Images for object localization
========================

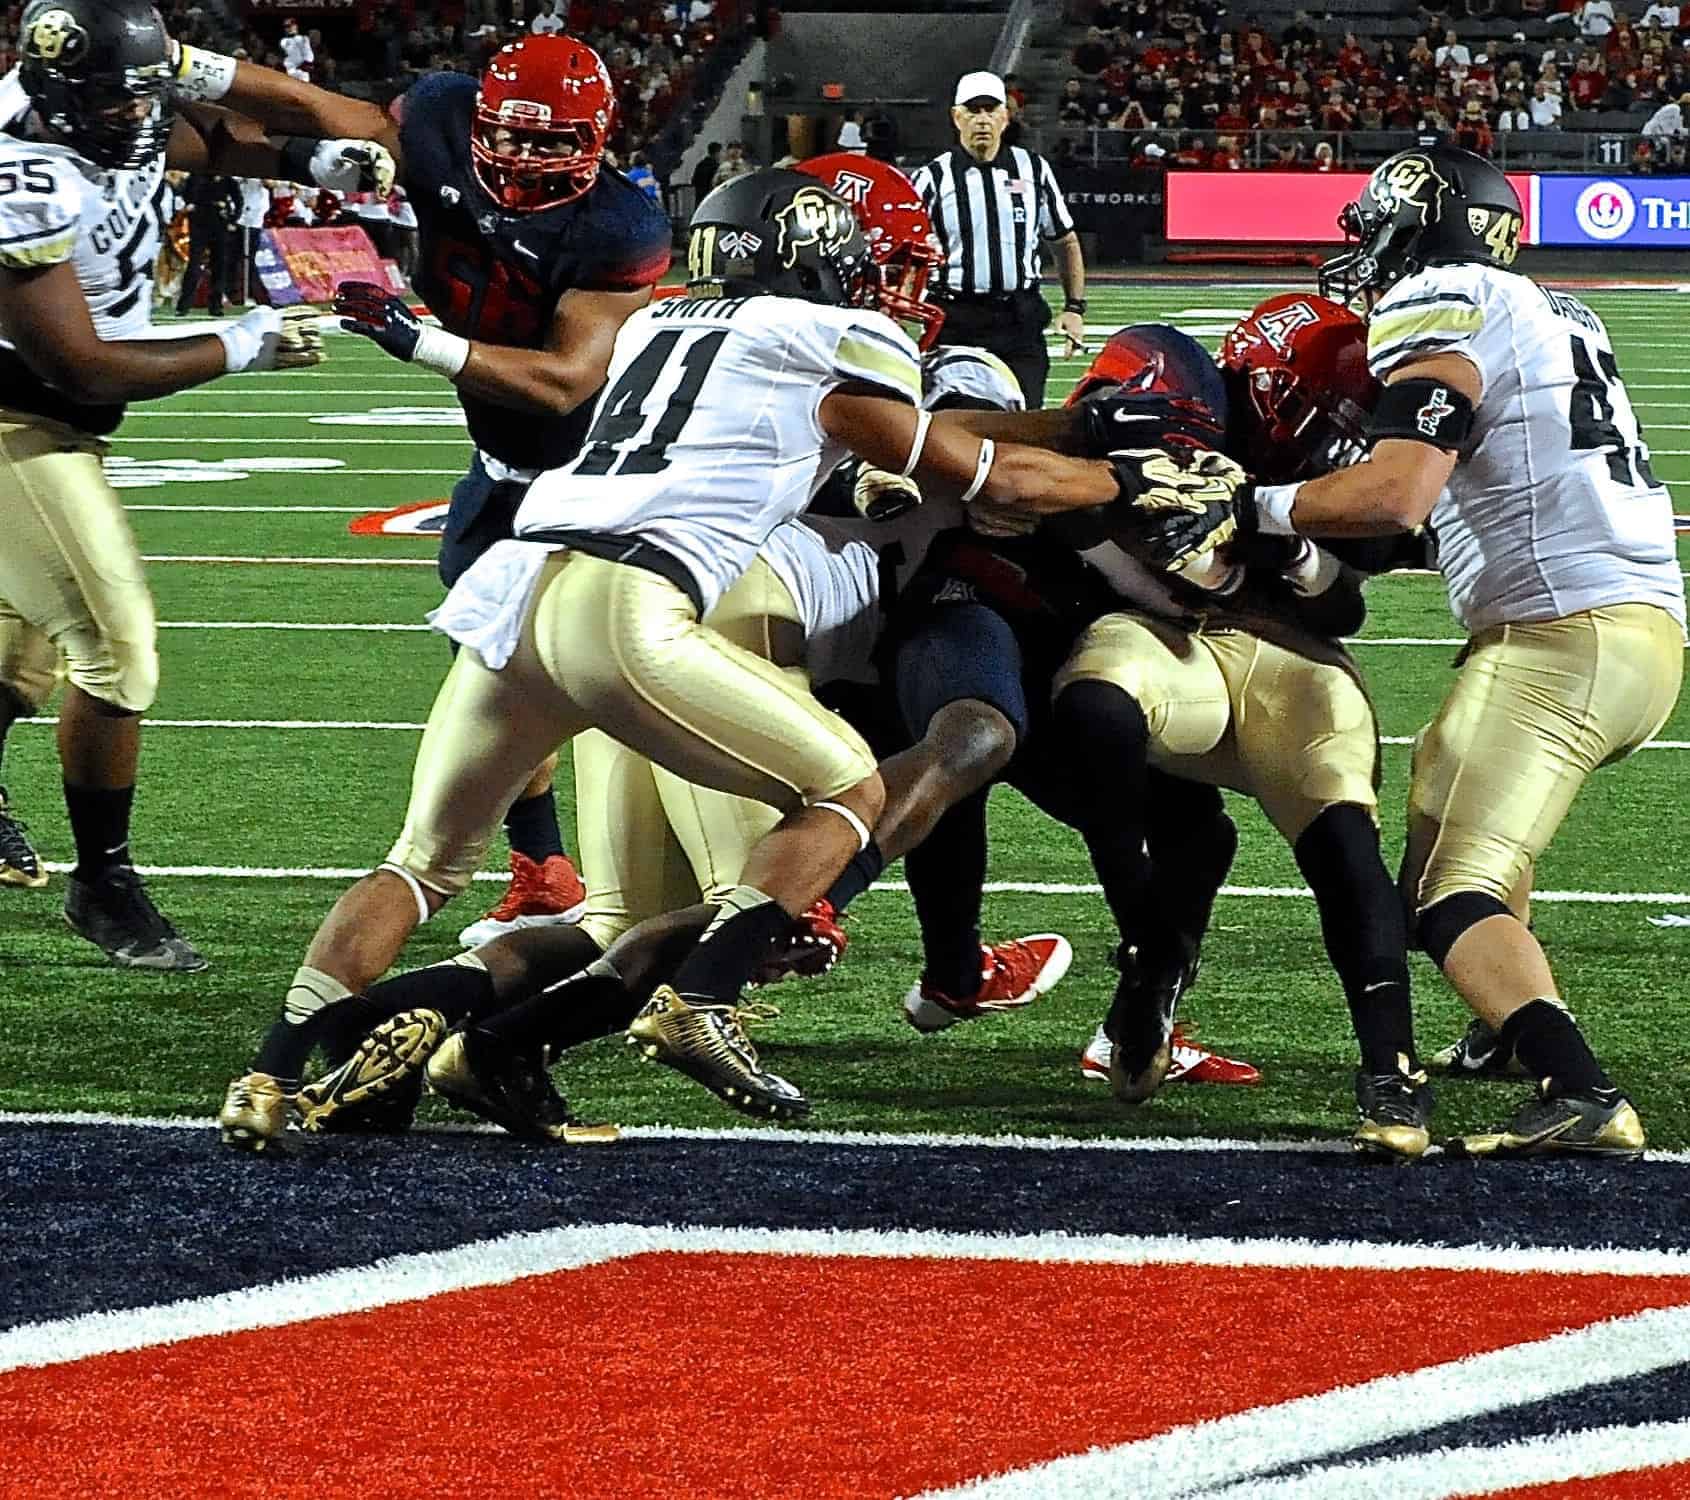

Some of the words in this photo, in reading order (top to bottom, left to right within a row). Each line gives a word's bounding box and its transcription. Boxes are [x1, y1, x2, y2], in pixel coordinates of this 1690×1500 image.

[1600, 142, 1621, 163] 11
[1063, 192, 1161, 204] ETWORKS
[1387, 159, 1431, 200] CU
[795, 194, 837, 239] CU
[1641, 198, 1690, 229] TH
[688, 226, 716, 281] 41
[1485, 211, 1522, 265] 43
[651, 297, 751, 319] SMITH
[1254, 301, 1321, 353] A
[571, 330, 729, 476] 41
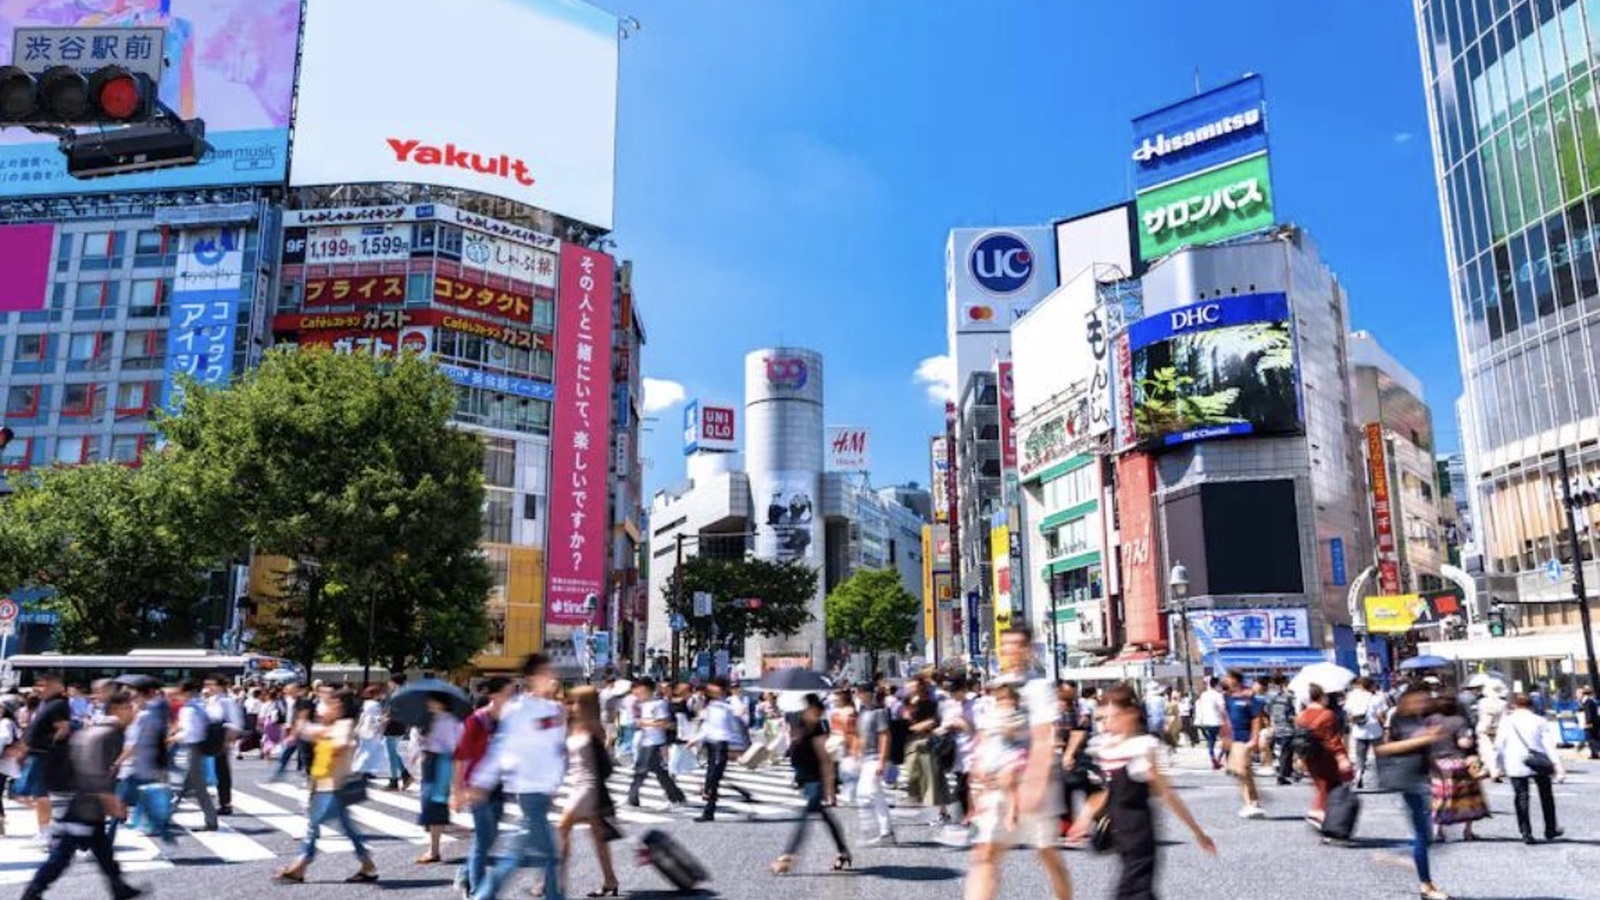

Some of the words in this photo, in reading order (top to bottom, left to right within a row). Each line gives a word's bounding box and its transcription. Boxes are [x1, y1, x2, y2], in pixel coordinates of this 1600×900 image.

========================

What needs to be done: Repeat the records above word for word. Pictures stay out of the copy.

Answer for the task:
Some of the words in this photo, in reading order (top to bottom, left to right within a row). Each line gives a word's bounding box and its transcription. Boxes are [x1, y1, x2, y2], in pixel coordinates of this 1690×1500 image.

[1600, 142, 1621, 163] 11
[1063, 192, 1161, 204] ETWORKS
[1387, 159, 1431, 200] CU
[795, 194, 837, 239] CU
[1641, 198, 1690, 229] TH
[688, 226, 716, 281] 41
[1485, 211, 1522, 265] 43
[651, 297, 751, 319] SMITH
[1254, 301, 1321, 353] A
[571, 330, 729, 476] 41

Some of the words in this photo, in reading order (top to bottom, left to right within a row). Each line gives a word's bounding box and its transcription. Boxes are [x1, y1, x2, y2], in pixel coordinates of this 1600×900 image.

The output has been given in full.